▶ [Exercise requirements]:
Down to the last line, transcribe the records verbatim and exclude the images.
>>>
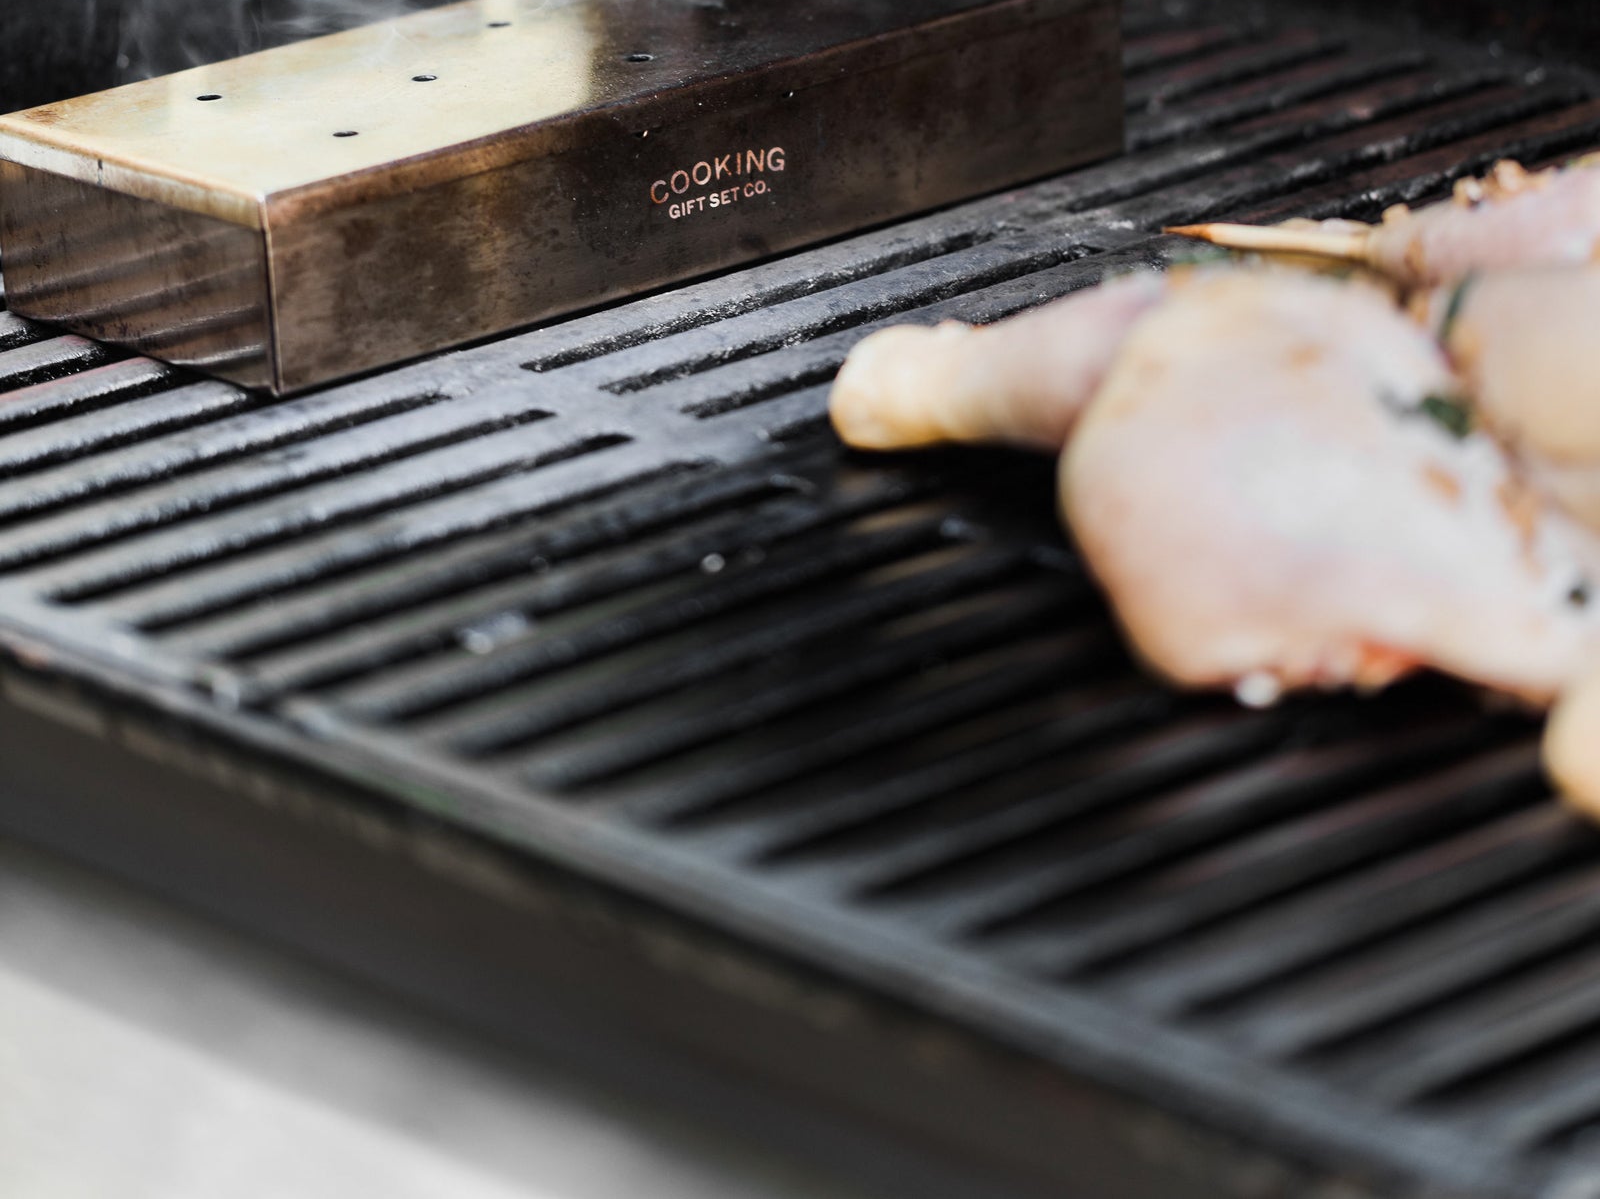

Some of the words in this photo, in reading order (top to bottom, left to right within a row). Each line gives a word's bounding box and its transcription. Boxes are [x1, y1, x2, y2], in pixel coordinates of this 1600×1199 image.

[650, 147, 786, 204] COOKING
[668, 197, 706, 219] GIFT
[709, 187, 740, 208] SET
[743, 180, 772, 198] CO.
<<<
▶ [Solution for this exercise]:
Some of the words in this photo, in reading order (top to bottom, left to right within a row). Each line gives a word's bounding box and its transcription. Boxes are [x1, y1, x2, y2], in pixel coordinates of this 1600×1199 image.

[650, 147, 786, 204] COOKING
[668, 197, 706, 219] GIFT
[709, 187, 740, 208] SET
[743, 180, 772, 198] CO.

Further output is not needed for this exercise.